Data extracted from a collection:
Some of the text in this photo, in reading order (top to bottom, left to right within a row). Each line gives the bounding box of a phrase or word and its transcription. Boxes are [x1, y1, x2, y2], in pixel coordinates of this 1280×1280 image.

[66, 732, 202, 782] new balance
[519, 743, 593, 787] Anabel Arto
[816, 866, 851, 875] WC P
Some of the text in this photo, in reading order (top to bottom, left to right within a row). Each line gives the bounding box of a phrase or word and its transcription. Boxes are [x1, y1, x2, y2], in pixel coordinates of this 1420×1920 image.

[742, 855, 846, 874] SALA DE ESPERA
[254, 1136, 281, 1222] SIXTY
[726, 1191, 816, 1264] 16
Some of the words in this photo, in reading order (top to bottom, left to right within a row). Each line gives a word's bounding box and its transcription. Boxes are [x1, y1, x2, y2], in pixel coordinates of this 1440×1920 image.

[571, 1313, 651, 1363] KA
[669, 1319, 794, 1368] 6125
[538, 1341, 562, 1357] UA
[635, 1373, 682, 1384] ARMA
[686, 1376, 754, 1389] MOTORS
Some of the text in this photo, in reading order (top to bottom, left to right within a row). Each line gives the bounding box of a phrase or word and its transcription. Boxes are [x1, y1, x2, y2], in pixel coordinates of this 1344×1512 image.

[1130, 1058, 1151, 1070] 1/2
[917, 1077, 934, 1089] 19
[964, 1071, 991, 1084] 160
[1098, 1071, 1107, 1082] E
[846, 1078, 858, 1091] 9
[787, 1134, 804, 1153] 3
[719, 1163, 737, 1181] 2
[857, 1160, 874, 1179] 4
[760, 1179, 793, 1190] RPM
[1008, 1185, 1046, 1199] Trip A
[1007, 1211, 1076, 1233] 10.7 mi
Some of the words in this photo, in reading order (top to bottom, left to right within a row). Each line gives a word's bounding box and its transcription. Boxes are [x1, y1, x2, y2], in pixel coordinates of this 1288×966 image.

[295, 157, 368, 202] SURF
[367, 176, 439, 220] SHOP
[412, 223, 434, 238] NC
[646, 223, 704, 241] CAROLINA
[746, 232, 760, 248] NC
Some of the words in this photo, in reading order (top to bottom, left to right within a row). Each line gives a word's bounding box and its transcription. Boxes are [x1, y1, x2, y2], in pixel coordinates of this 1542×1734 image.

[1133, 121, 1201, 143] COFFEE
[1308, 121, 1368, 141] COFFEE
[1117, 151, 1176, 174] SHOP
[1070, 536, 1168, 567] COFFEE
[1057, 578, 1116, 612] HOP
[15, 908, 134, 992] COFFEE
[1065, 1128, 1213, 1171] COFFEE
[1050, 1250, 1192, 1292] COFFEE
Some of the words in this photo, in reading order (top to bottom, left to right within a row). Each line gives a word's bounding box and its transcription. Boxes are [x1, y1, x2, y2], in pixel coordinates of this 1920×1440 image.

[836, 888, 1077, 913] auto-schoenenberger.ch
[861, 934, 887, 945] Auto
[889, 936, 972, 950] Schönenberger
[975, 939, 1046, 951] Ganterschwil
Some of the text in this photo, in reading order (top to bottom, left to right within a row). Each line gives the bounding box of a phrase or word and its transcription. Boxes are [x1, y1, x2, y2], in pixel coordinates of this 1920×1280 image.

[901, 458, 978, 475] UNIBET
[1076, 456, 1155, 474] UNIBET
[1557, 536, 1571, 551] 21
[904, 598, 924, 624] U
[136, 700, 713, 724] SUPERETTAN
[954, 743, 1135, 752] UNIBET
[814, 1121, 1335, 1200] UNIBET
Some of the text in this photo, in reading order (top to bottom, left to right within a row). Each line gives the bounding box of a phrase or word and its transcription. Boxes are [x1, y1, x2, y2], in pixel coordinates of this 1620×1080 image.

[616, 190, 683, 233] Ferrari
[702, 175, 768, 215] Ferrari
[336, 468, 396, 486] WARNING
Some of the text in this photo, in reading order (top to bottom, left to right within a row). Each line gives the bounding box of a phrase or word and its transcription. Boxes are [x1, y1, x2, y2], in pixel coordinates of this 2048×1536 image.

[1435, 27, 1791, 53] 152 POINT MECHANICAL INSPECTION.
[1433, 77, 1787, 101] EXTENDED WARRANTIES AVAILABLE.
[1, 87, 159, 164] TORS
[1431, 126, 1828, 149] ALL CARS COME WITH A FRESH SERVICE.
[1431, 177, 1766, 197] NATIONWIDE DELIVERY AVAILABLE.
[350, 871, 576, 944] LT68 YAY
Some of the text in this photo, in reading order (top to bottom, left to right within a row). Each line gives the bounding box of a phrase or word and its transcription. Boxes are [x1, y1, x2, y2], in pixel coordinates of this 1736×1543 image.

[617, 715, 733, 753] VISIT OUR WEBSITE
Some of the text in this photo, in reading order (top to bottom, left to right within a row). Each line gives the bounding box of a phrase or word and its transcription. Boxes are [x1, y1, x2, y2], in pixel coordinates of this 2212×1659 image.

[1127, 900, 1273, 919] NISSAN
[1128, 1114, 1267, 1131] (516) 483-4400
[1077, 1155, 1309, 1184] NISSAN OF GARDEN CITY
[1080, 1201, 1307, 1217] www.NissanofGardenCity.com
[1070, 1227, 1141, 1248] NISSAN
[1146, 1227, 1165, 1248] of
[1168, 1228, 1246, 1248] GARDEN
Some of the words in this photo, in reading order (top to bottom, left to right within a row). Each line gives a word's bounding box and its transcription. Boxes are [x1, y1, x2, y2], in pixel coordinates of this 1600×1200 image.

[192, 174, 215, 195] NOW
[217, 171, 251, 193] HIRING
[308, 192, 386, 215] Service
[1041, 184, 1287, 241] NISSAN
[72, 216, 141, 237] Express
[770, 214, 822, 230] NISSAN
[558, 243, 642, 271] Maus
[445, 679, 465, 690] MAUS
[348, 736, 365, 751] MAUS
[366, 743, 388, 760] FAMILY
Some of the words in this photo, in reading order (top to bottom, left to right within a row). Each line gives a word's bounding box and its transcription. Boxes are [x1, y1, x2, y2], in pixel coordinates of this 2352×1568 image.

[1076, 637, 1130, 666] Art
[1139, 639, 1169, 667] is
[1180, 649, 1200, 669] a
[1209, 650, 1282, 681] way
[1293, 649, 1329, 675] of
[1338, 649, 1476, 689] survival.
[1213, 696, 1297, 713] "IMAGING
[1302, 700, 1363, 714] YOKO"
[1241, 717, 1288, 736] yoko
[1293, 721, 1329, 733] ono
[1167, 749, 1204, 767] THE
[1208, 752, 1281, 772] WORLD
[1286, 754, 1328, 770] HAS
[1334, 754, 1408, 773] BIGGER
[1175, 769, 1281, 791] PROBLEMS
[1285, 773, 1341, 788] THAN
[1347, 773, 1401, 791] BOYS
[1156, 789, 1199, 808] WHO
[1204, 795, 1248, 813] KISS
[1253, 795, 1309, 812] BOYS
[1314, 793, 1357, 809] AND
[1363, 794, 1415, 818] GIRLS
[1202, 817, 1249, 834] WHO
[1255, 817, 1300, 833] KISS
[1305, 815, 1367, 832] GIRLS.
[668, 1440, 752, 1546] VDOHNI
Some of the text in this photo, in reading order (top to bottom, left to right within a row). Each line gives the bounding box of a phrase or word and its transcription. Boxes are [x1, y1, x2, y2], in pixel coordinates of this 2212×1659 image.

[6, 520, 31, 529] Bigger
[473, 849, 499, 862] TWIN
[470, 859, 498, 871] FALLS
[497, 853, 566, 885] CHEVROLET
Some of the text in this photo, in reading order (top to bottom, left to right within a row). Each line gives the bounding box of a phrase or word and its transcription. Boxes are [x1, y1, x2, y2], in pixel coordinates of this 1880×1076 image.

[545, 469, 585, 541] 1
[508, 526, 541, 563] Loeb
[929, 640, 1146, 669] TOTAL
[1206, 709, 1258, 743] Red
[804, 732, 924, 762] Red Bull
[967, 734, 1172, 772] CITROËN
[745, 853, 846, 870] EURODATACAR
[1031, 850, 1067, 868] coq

[TASK DIRECTIONS] Only the lines from the one with "this 1880×1076 image." through the final line above belong in the answer, each reproduced word for word.

[TASK SOLUTION]
Some of the text in this photo, in reading order (top to bottom, left to right within a row). Each line gives the bounding box of a phrase or word and its transcription. Boxes are [x1, y1, x2, y2], in pixel coordinates of this 1880×1076 image.

[545, 469, 585, 541] 1
[508, 526, 541, 563] Loeb
[929, 640, 1146, 669] TOTAL
[1206, 709, 1258, 743] Red
[804, 732, 924, 762] Red Bull
[967, 734, 1172, 772] CITROËN
[745, 853, 846, 870] EURODATACAR
[1031, 850, 1067, 868] coq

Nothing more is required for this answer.